What is required: Where a line contains "this 1403×1402 image.", begin there and restate word for word every line to the end of the entries below, pictures excluded.

[Available records]

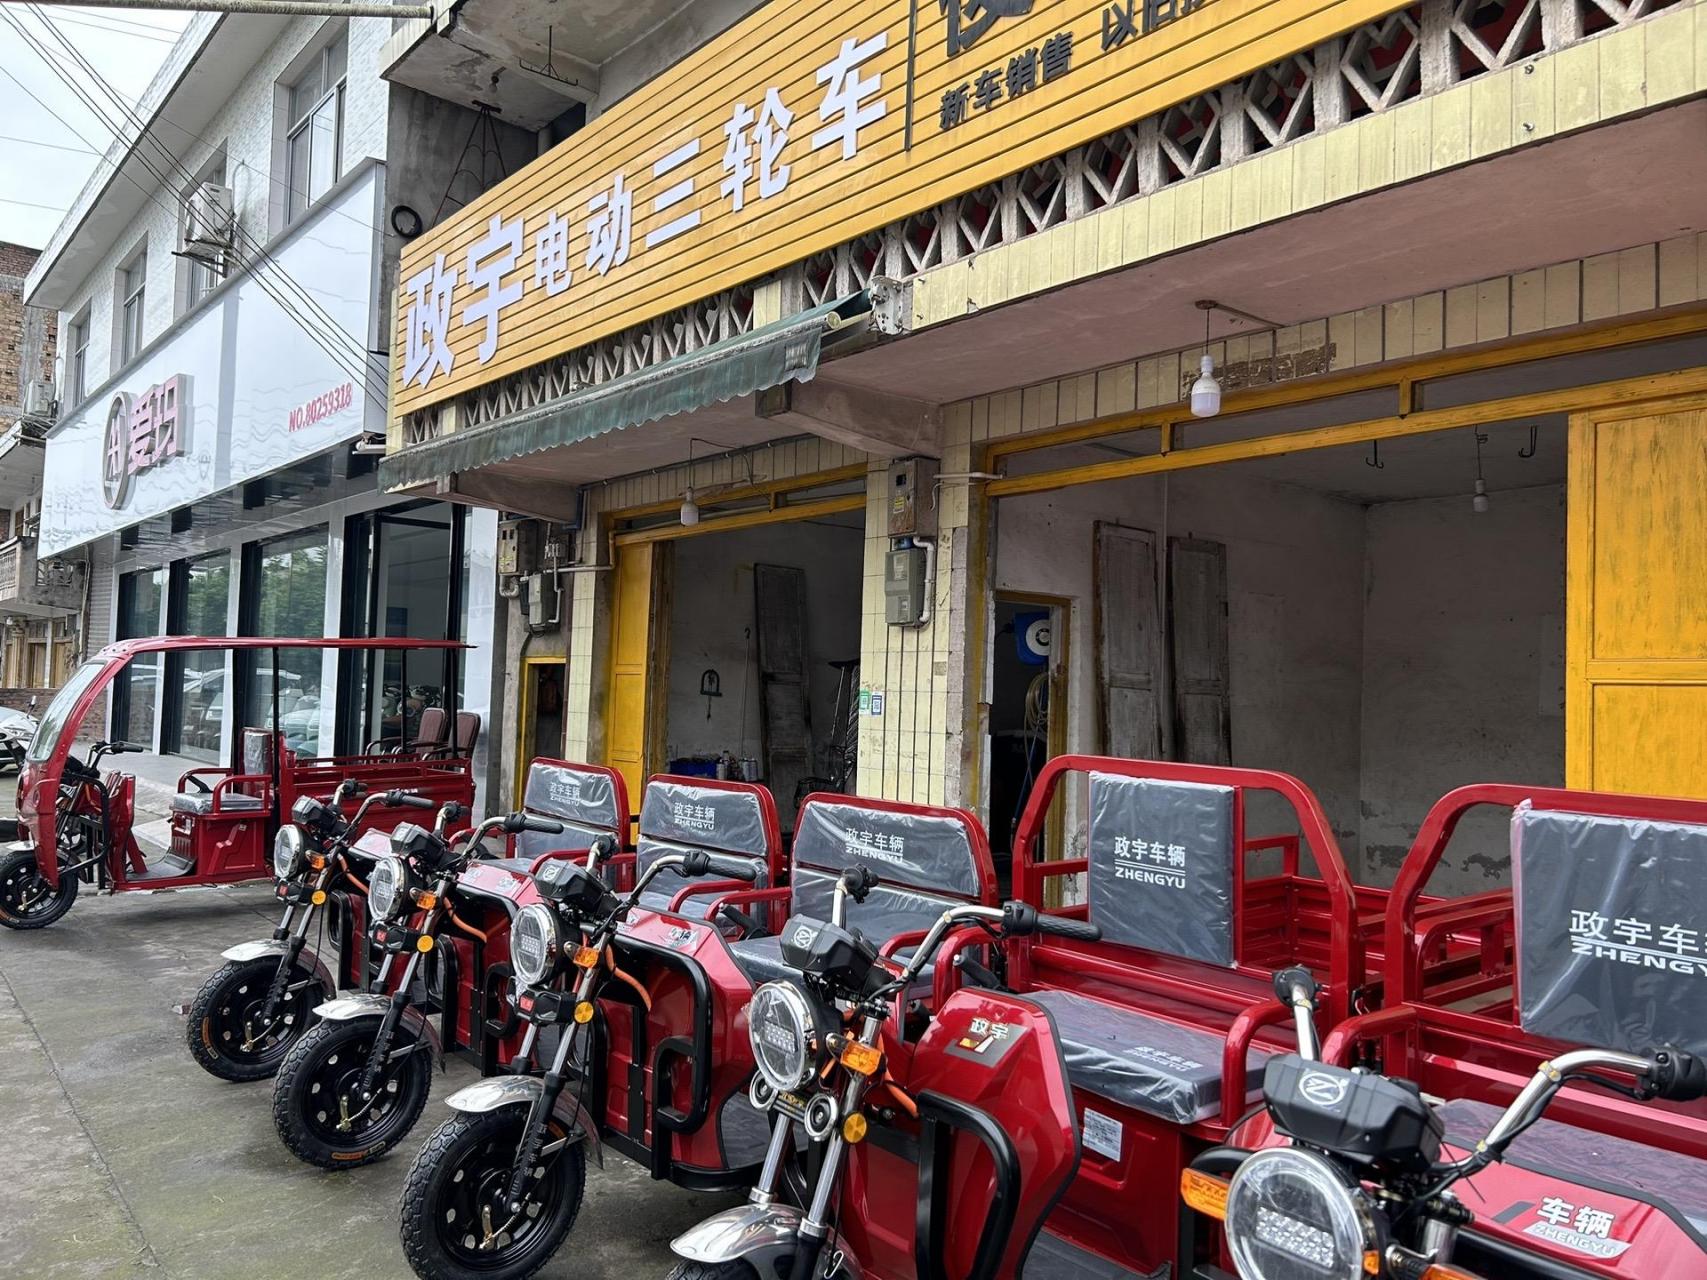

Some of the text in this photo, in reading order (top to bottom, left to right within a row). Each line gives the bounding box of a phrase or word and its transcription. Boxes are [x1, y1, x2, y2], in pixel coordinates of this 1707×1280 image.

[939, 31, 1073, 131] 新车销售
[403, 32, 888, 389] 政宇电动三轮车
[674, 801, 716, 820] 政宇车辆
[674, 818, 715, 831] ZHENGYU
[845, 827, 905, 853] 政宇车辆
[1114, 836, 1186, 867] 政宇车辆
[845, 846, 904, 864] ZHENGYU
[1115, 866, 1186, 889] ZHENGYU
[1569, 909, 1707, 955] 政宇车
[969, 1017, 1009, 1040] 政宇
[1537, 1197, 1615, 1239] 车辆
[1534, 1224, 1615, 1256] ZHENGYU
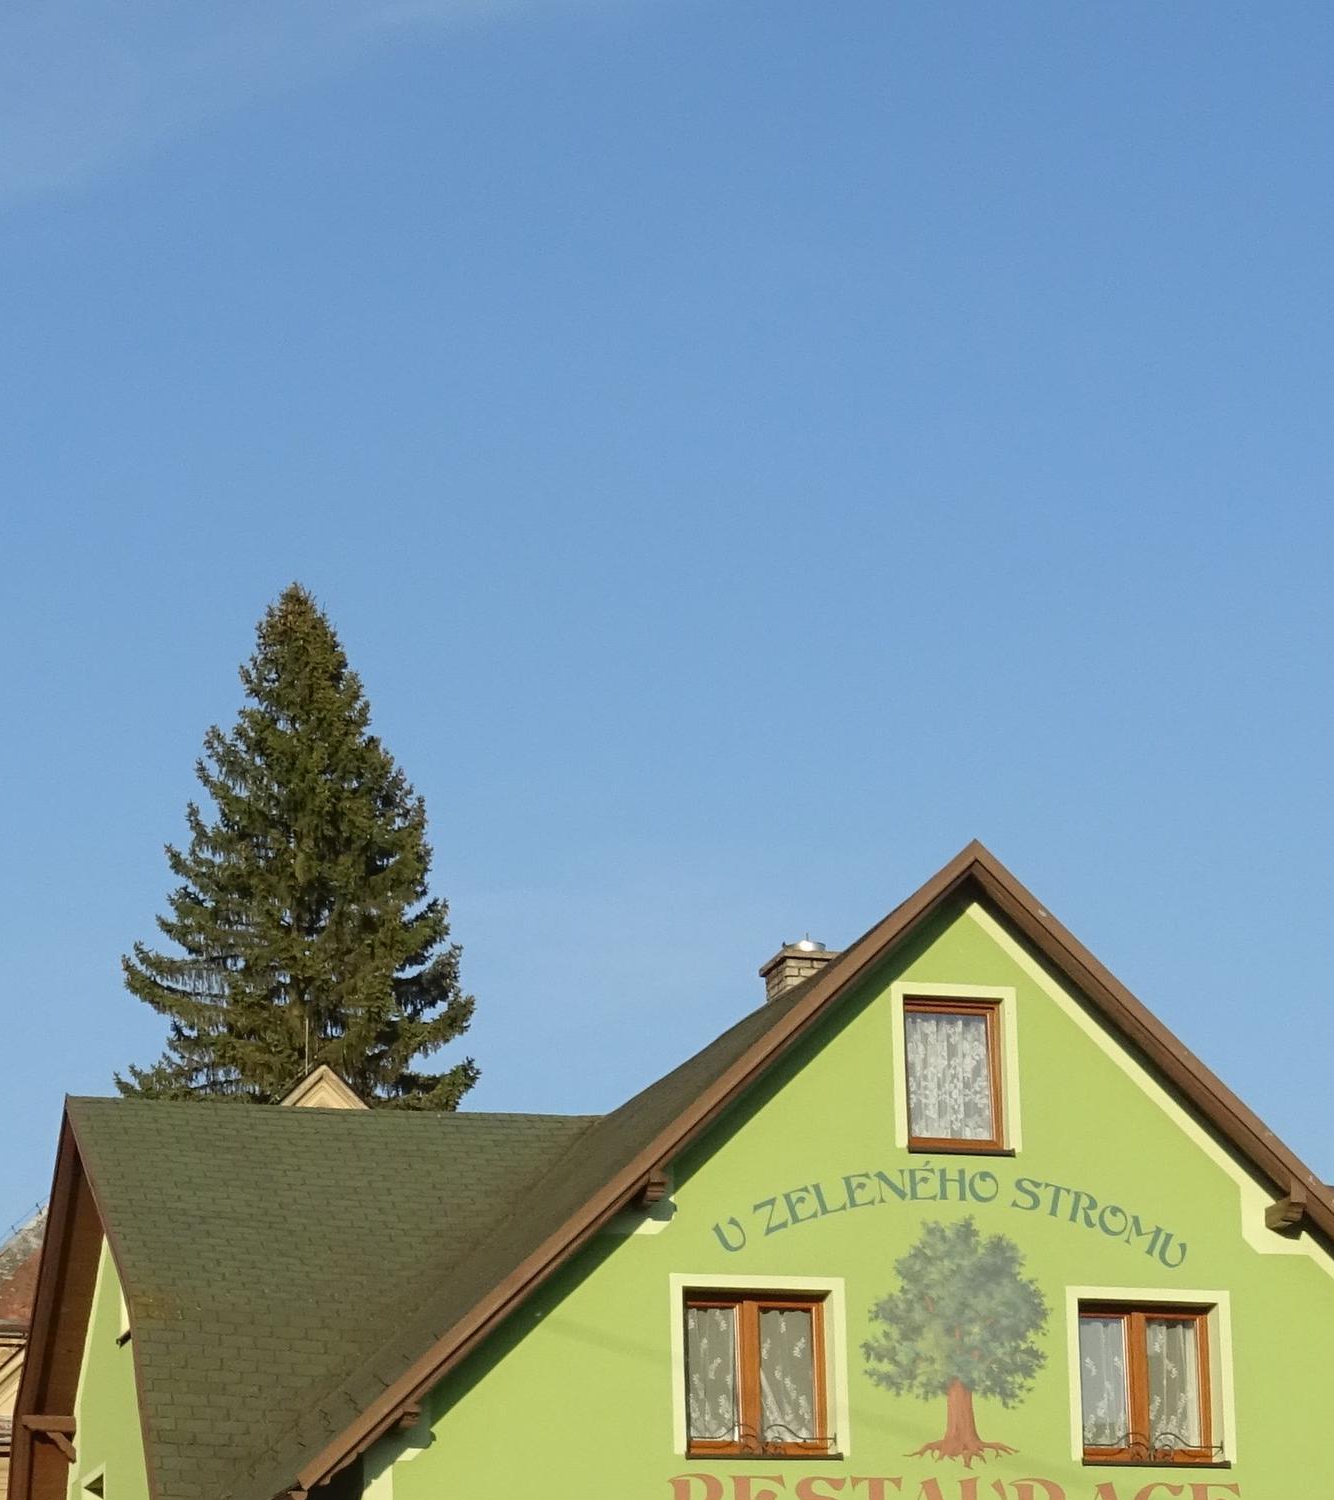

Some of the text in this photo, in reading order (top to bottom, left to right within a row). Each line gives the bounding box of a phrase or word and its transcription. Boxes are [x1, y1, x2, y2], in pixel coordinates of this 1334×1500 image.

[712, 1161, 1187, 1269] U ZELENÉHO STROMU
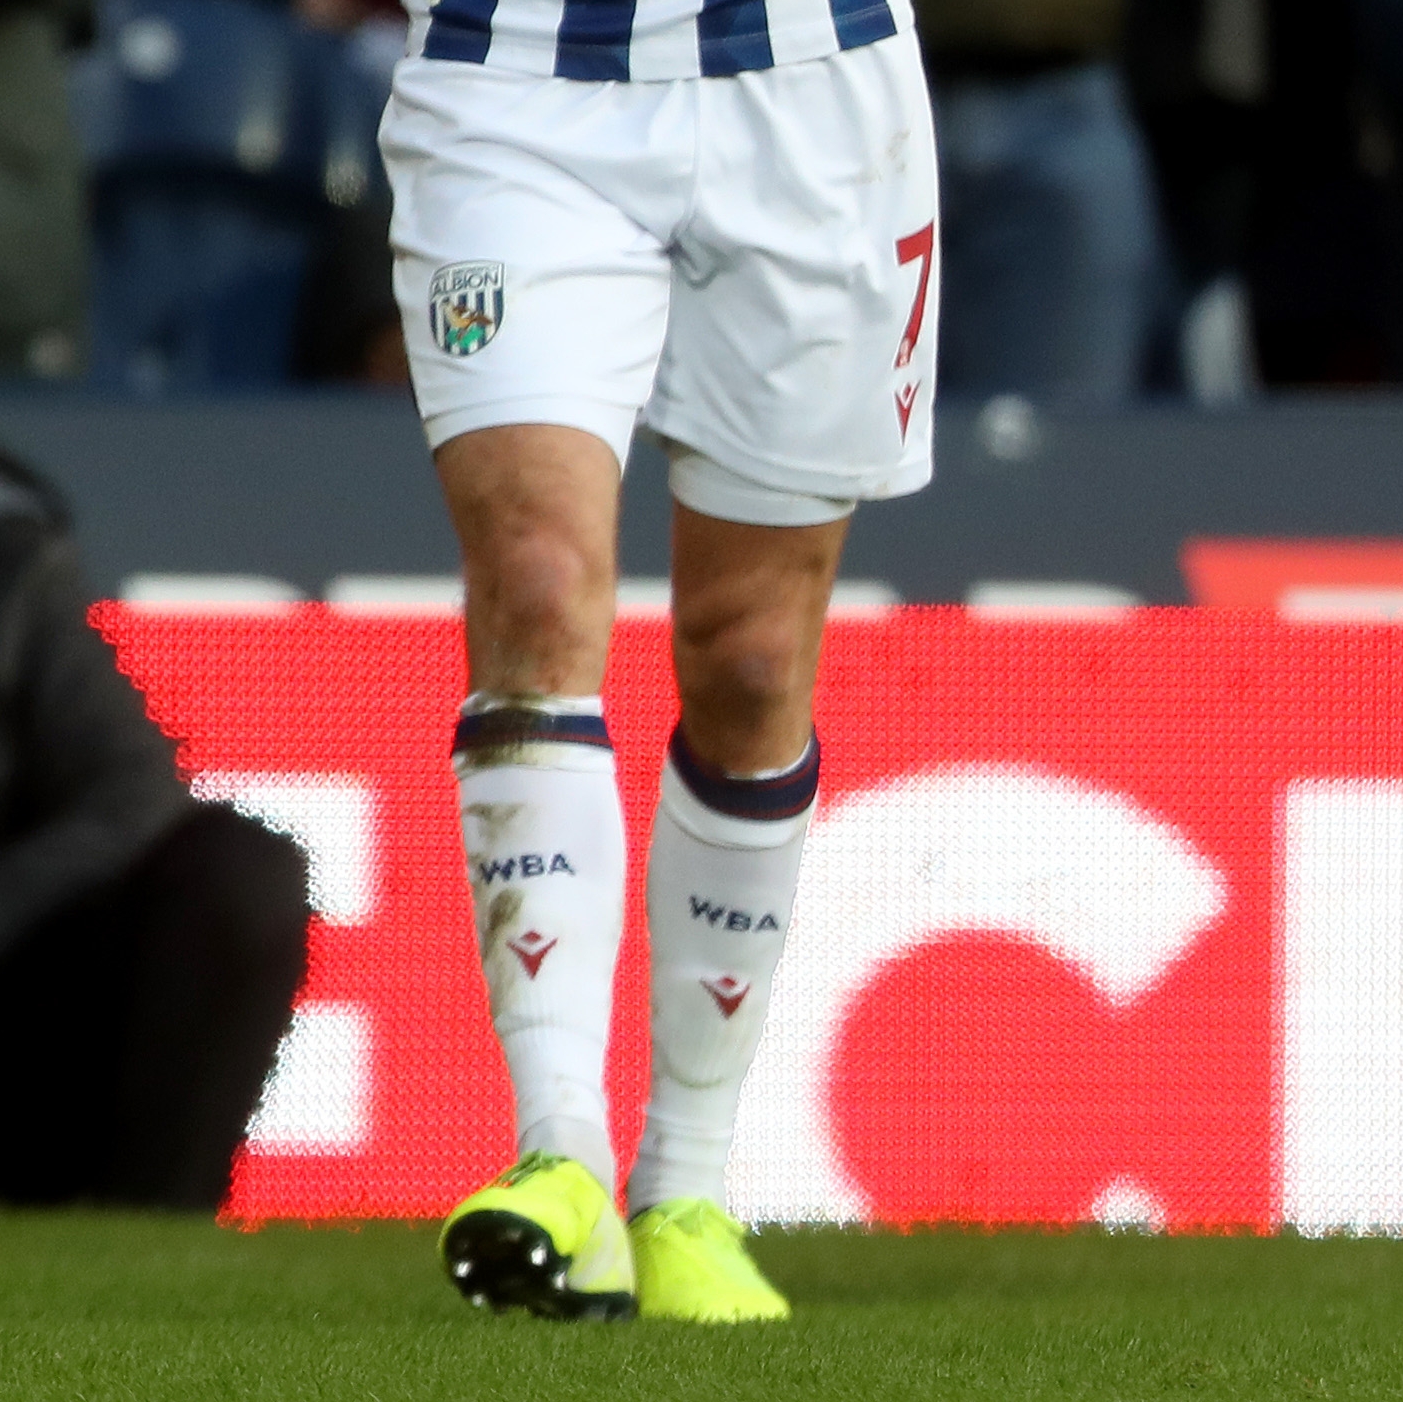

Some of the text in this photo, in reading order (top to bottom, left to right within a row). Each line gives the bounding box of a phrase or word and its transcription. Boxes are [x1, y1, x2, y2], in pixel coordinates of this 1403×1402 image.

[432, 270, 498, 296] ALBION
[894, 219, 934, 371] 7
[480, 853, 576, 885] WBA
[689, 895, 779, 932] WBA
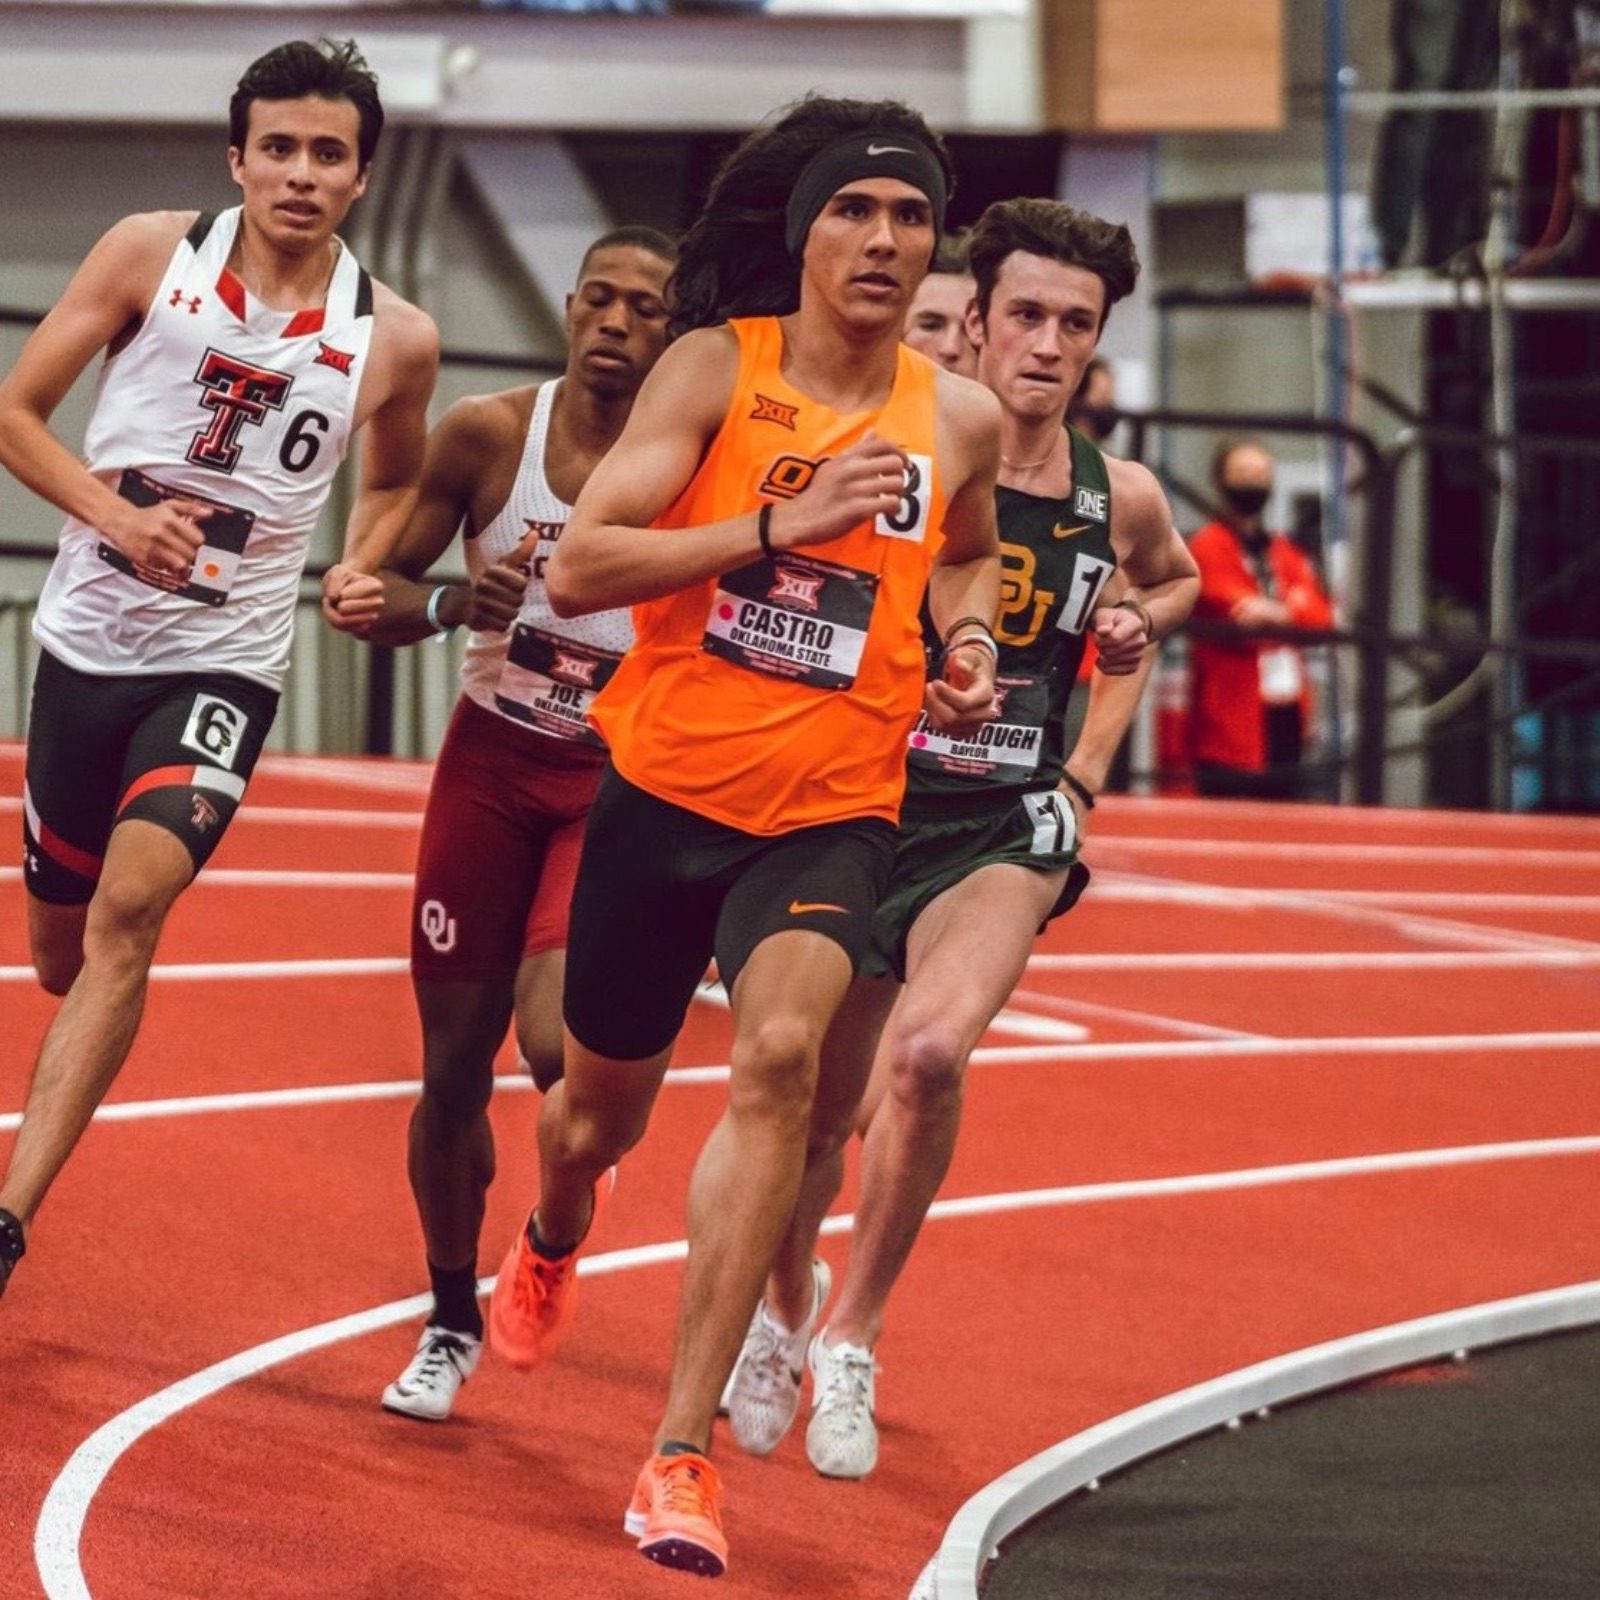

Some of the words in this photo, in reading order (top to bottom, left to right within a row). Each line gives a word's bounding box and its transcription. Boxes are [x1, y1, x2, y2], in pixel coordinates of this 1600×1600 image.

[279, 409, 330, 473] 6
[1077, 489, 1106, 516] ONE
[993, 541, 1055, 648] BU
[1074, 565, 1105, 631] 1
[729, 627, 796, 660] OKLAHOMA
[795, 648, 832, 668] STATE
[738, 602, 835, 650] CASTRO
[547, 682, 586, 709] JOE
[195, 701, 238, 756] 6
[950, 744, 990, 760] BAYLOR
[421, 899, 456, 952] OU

[/Available records]

Solved exercise:
Some of the text in this photo, in reading order (top to bottom, left to right within a row). Each line gives the bounding box of a phrase or word and its transcription. Boxes are [x1, y1, x2, y2], in pixel coordinates of this 1403×1402 image.

[432, 270, 498, 296] ALBION
[894, 219, 934, 371] 7
[480, 853, 576, 885] WBA
[689, 895, 779, 932] WBA

Some of the words in this photo, in reading order (top to bottom, left to right within a row). Each line gives a word's bounding box and its transcription. Boxes are [x1, y1, x2, y2], in pixel coordinates of this 1600×1600 image.

[279, 409, 330, 473] 6
[1077, 489, 1106, 516] ONE
[993, 541, 1055, 648] BU
[1074, 565, 1105, 631] 1
[729, 627, 796, 660] OKLAHOMA
[795, 648, 832, 668] STATE
[738, 602, 835, 650] CASTRO
[547, 682, 586, 709] JOE
[195, 701, 238, 756] 6
[950, 744, 990, 760] BAYLOR
[421, 899, 456, 952] OU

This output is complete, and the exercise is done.